• Your goal: Transcribe all of the data exactly. Images stay out.

--- START ---

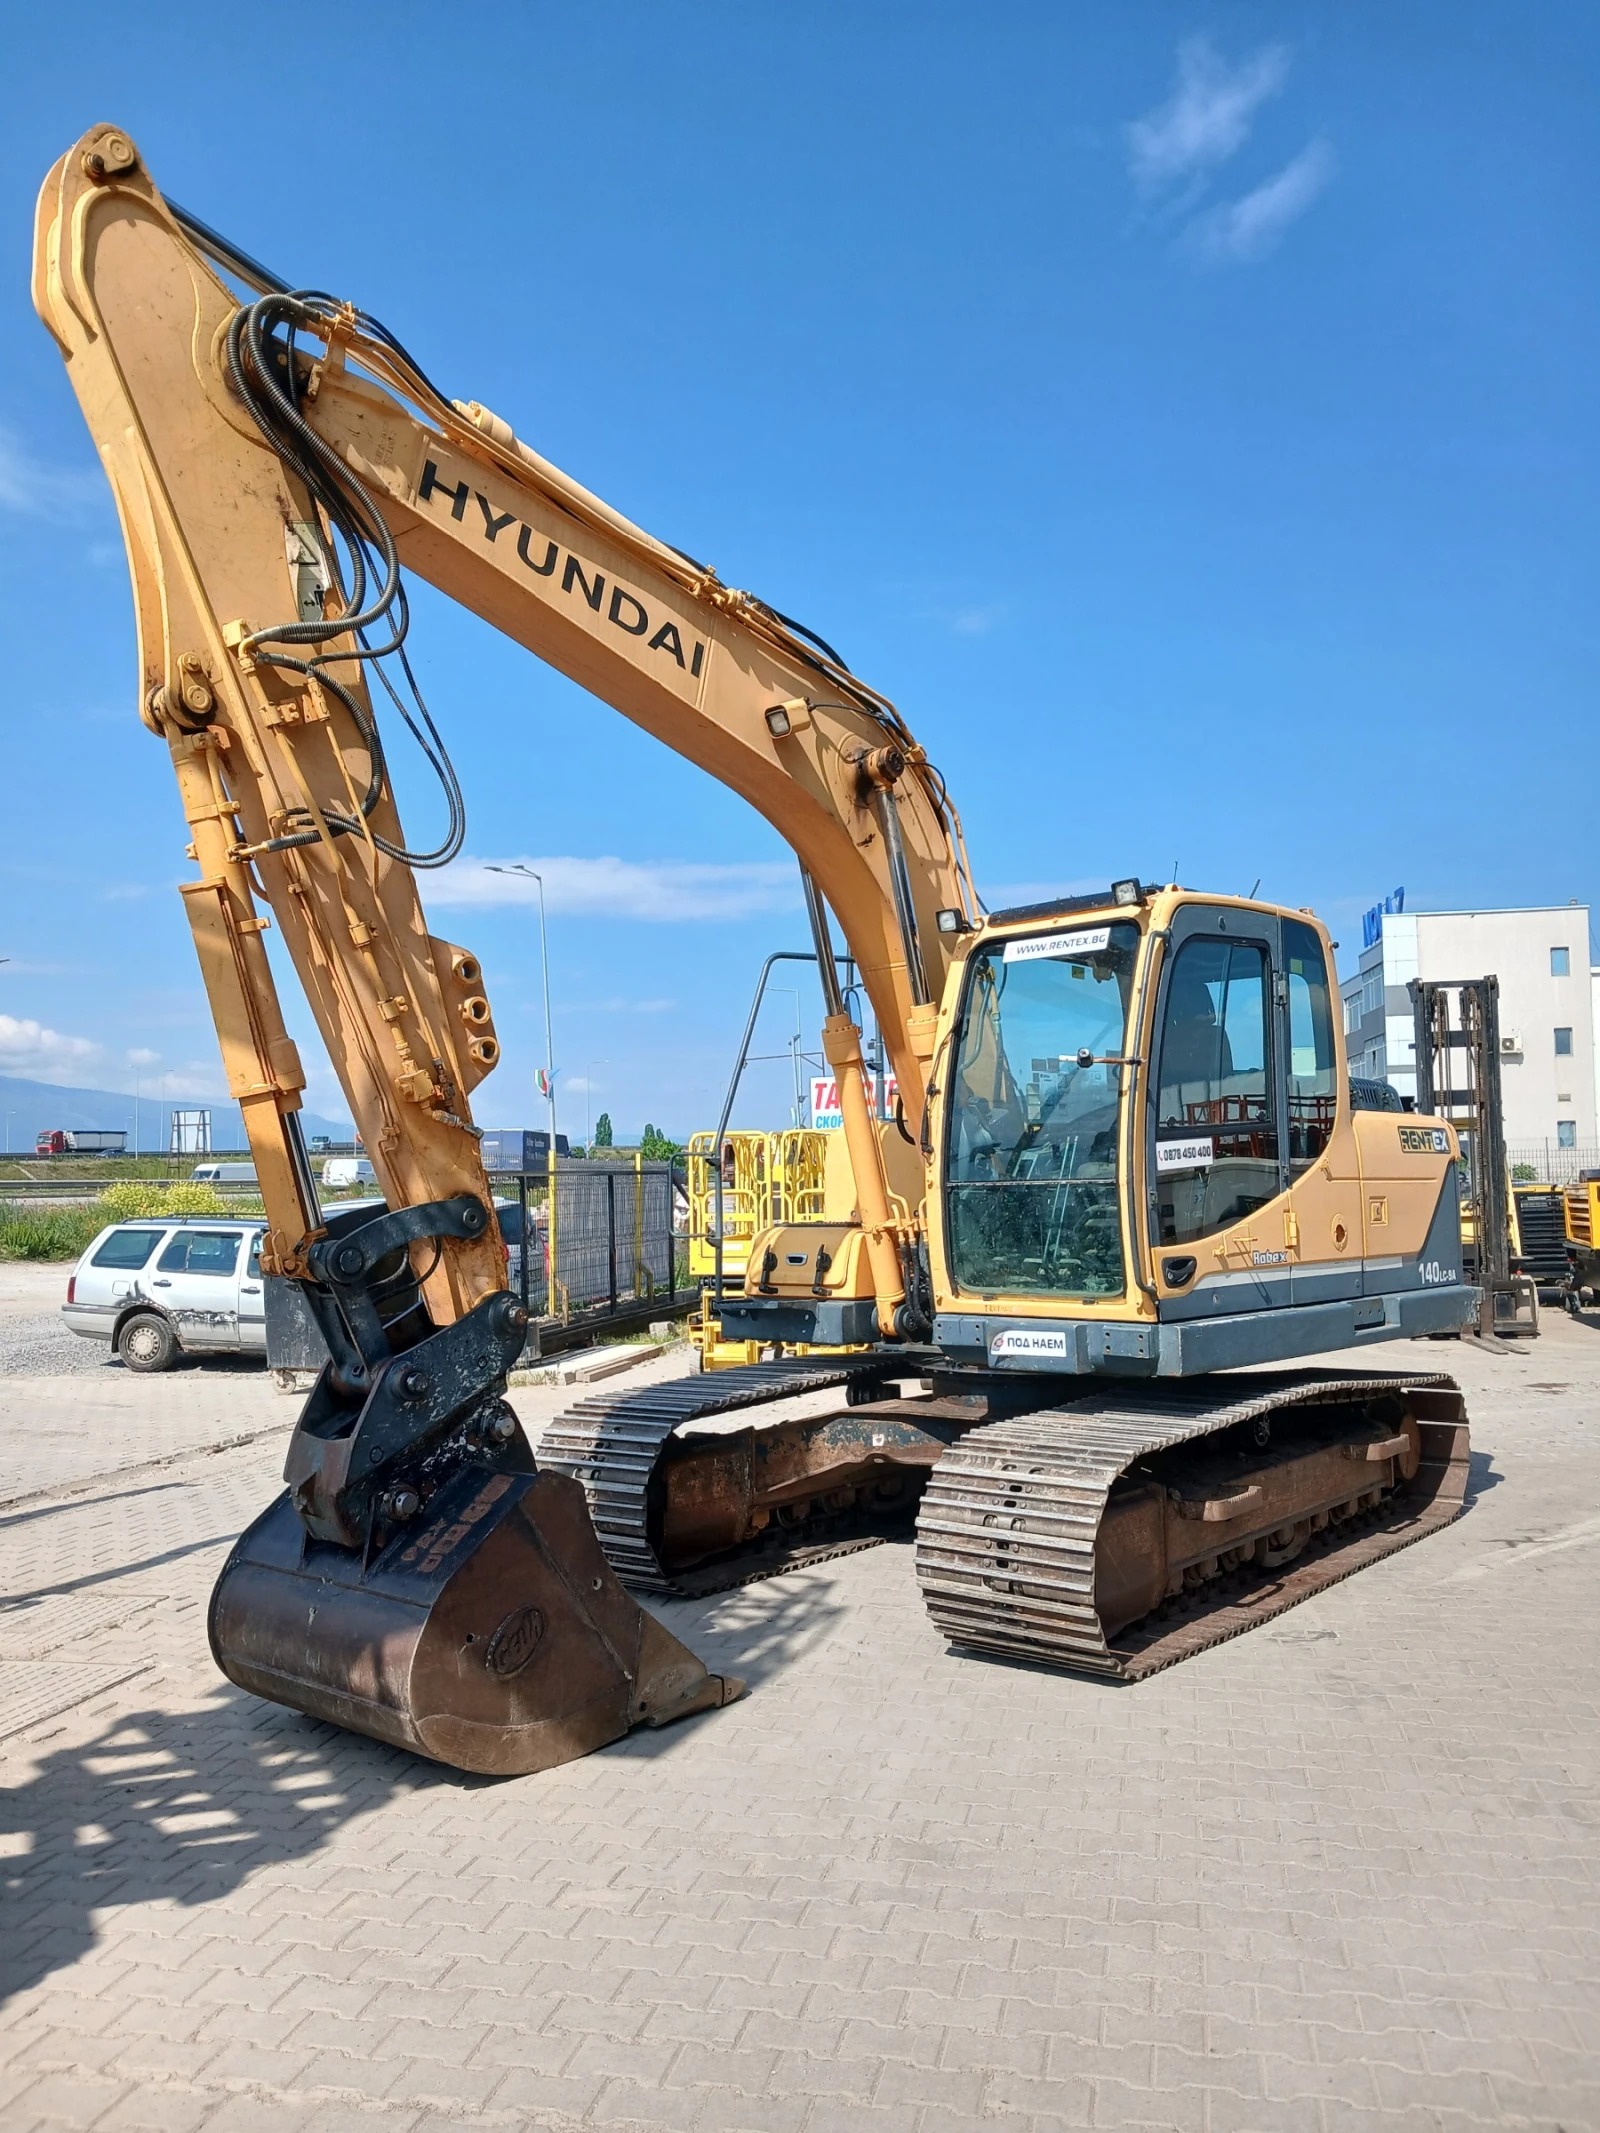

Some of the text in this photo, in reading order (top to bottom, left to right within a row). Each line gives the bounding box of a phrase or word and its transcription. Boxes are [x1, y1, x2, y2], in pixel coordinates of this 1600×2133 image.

[418, 459, 705, 679] HYUNDAI
[1016, 934, 1106, 955] WWW.RENTEX.BG
[1400, 1130, 1450, 1151] RENTEX
[1163, 1145, 1211, 1161] 0878 450 400
[1007, 1337, 1064, 1349] ПОД НАЕМ

--- END ---

• Response to this exercise:
Some of the text in this photo, in reading order (top to bottom, left to right within a row). Each line gives the bounding box of a phrase or word and its transcription. Boxes are [x1, y1, x2, y2], in pixel coordinates of this 1600×2133 image.

[418, 459, 705, 679] HYUNDAI
[1016, 934, 1106, 955] WWW.RENTEX.BG
[1400, 1130, 1450, 1151] RENTEX
[1163, 1145, 1211, 1161] 0878 450 400
[1007, 1337, 1064, 1349] ПОД НАЕМ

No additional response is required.